What I can say is that the interview process recently has become so impersonal and kind of automated even for highly skilled positions.

I have commented on this before but if someone is applying for Senior or above, seeing them live code a random algo with weird requirements seems less valuable to me than actually discussing architecture, previous projects and personality.

Even talking through a small project (with 0 code involved) would tell me so much about someone than what I've experienced in the last year or so while looking for a job.

So, in my opinion companies are what became weird. I don't know but even the smallest startup seems to feel they need to have their hiring pipeline be like Google or something.

10-15 years ago, I would just meet a manager and someone in the engineering team, have 1 hour chat with them and instantly know whether I'm hired or not. Now it's 4 interviews from the CEO to the HR and their grandmas.

I’m from France where the market is still tense, so I have hard times understanding whether it’s a general trend or a local problem:

- How do you know it’s not just your surroundings (technologies, skills, area) which are dry?

- Are you maybe getting aged? (The programmer market is very ageist, hopefully I’m not turning the knife into the wound, but I’m not young either) and maybe you are experiencing the dry part of life for the first time?

- Or did you take the $500k+ post-Covid market as the norm? Here in France, beginners are at 38k€ gross annually, and the high end was 85k€ during Covid, but historically the high-end had been capped around 65k€ until Covid.

All in all, developers aren’t magicians. We deserve a high engineer pay, but look at electrical engineers, they have shit pay. We’ve been getting far too much money, for far too long. In normal office jobs, it takes a lifetime of sacrifices to get to higher pay grade. And this is the 3-year experience mark for a developer.

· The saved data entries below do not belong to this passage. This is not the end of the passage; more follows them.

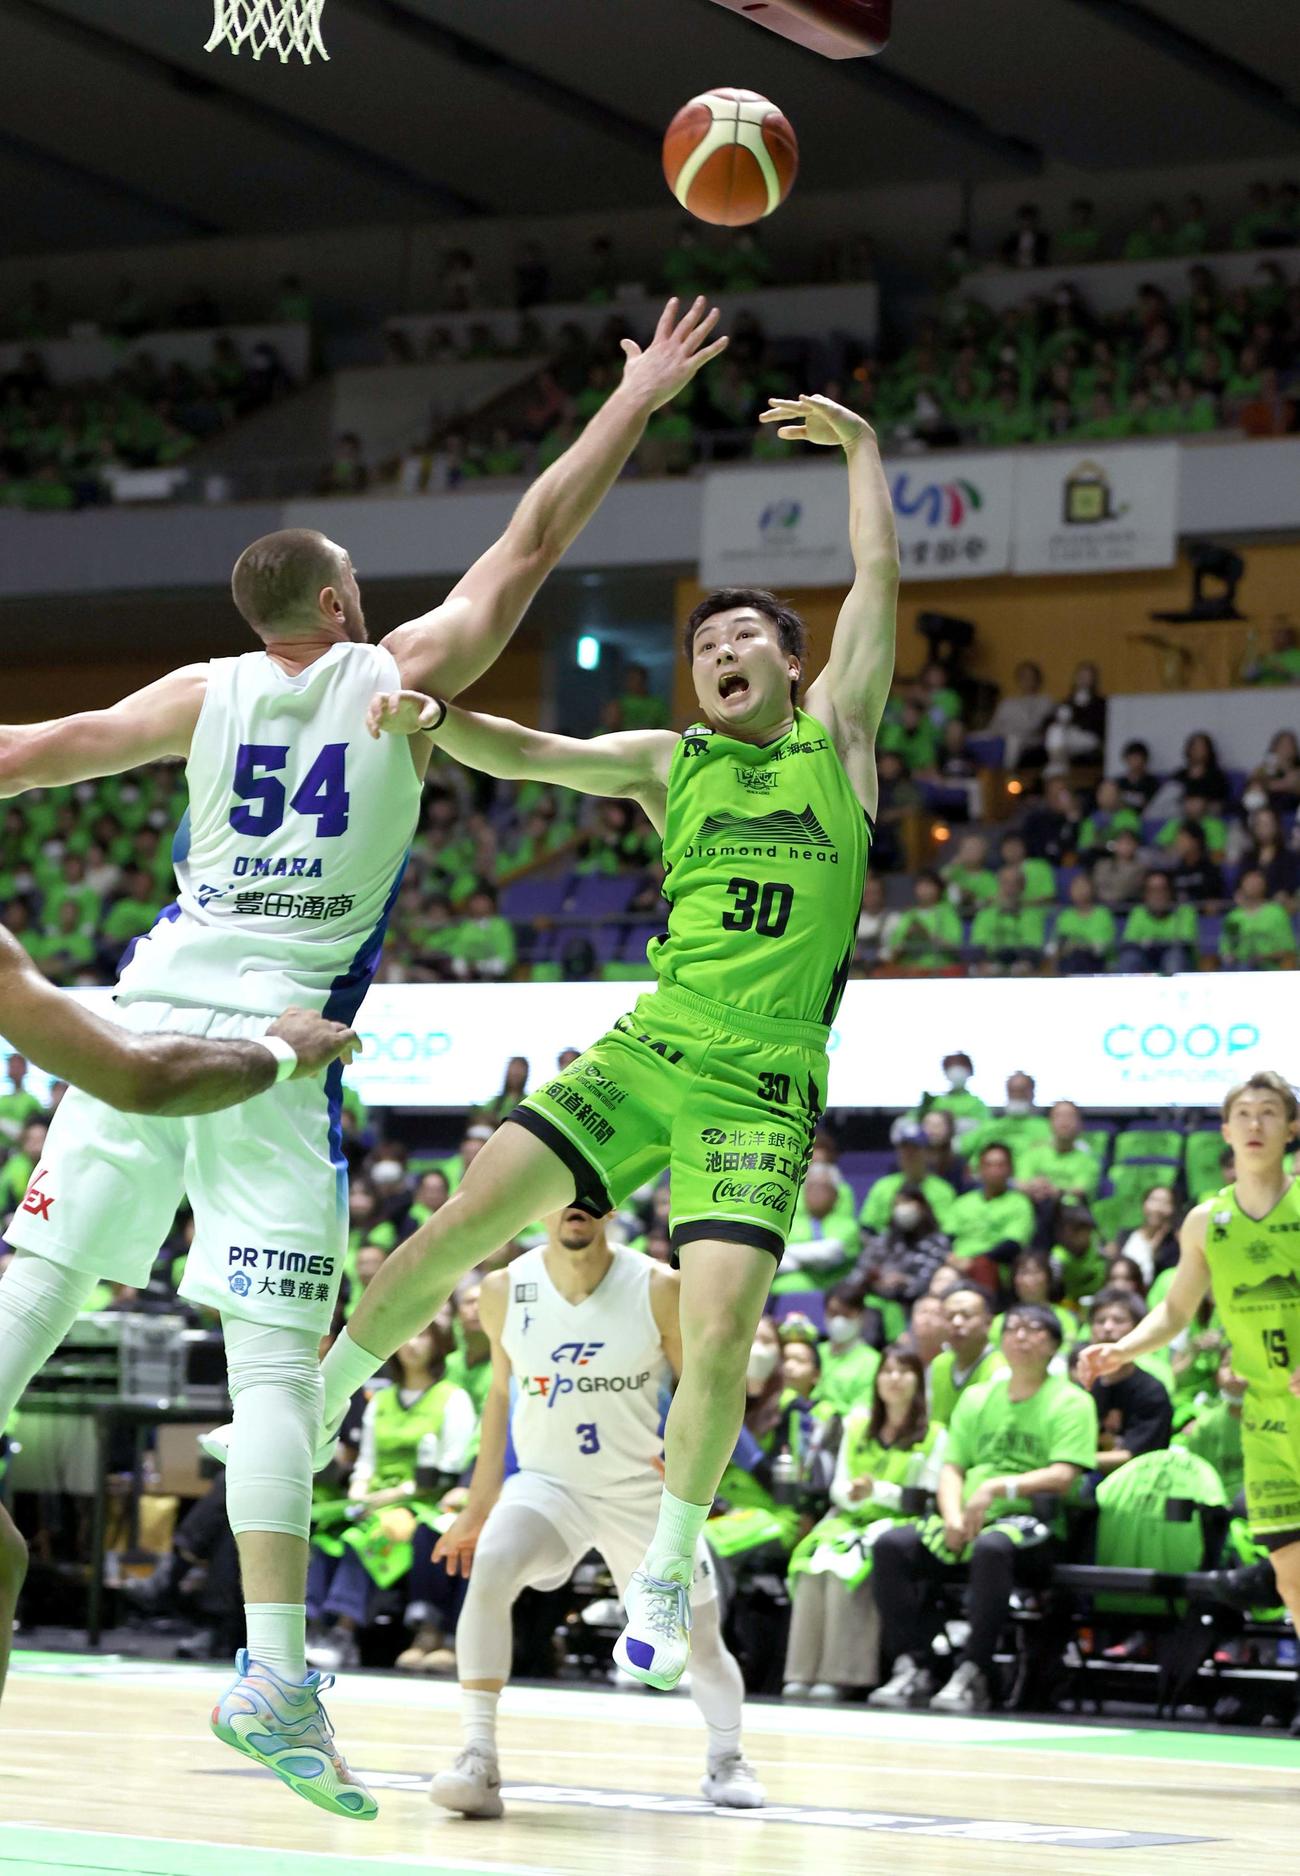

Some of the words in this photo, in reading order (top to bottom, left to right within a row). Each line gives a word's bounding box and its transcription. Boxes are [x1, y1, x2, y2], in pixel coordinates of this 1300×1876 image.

[229, 742, 350, 838] 54
[233, 856, 323, 878] O'MARA
[684, 845, 777, 859] Diamond
[789, 846, 839, 865] head
[232, 891, 357, 920] 豊田通商
[722, 877, 795, 938] 30
[353, 1030, 453, 1062] OOP
[1103, 1023, 1261, 1060] COOP
[757, 1072, 791, 1104] 30
[728, 1129, 801, 1155] 北洋銀行
[228, 1246, 259, 1268] PR
[262, 1249, 335, 1276] TIMES
[1262, 1328, 1290, 1369] 15
[577, 1371, 650, 1394] GROUP
[576, 1422, 601, 1455] 3

So, are you expecting Facebook-level pay, or higher-engineer-office-worker kind of pay?

>We’ve been getting far too much money, for far too long. In normal office jobs, it takes a lifetime of sacrifices to get to higher pay grade.

I don't understand this mindset. We should all support our working class brothers to get better wages. Just because the custodian, accountant, and jr HR person are also paid crap doesn't mean we should all grin and bear because at least we're not the day laborers outside.

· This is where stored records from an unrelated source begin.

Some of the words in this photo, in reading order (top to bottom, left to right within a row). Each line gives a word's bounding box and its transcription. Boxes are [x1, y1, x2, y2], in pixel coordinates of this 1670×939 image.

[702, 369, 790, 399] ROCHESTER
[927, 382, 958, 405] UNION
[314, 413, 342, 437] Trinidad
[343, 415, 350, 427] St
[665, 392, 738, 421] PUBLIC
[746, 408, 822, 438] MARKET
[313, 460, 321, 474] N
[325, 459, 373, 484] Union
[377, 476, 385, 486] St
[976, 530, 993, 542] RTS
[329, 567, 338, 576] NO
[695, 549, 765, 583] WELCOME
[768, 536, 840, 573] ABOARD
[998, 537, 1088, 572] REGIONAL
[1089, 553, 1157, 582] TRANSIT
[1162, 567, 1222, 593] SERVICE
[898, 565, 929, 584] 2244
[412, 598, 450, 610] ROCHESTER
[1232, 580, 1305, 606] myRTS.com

Well I would love to have found a $500k job, that's definitely not my point of reference.

The problem is that I'm not even getting to the stage of asking about salary, because I'm not getting any interviews in the first place. Neither is anyone else in my friend group.

I am probably overqualified for a lot of jobs, but my friend group, which has a lot of variance in age and experience, would definitely not fall into that classification.

Yes, I understand.

I hope I didn’t come across, my comment was not delicate but I was genuinely curious about the answer. I’ve created a product which luckily works for now, so I’m out of the job market, but I think everyone on HN knows that your situation is the normal one that awaits all of us in the second half of our career.

>We’ve been getting far too much money, for far too long. In normal office jobs, it takes a lifetime of sacrifices to get to higher pay grade.

Normal office jobs don't bring the value that STEM jobs do, that's why STEM jobs command more money. It's like comparing doctors to other careers and being surprised that doctors get paid more.

From what I'm hearing/see, it's worse than 2002 by a long shot. :\ 2001-2004 was pretty bad (from what I recall Cisco laid off about 20% of it's engineering team), but it was clear by 2003/4 that the growth of dial up subscribers was going to continue, so people were able to find jobs again although senior devs moved to much lower paid jobs.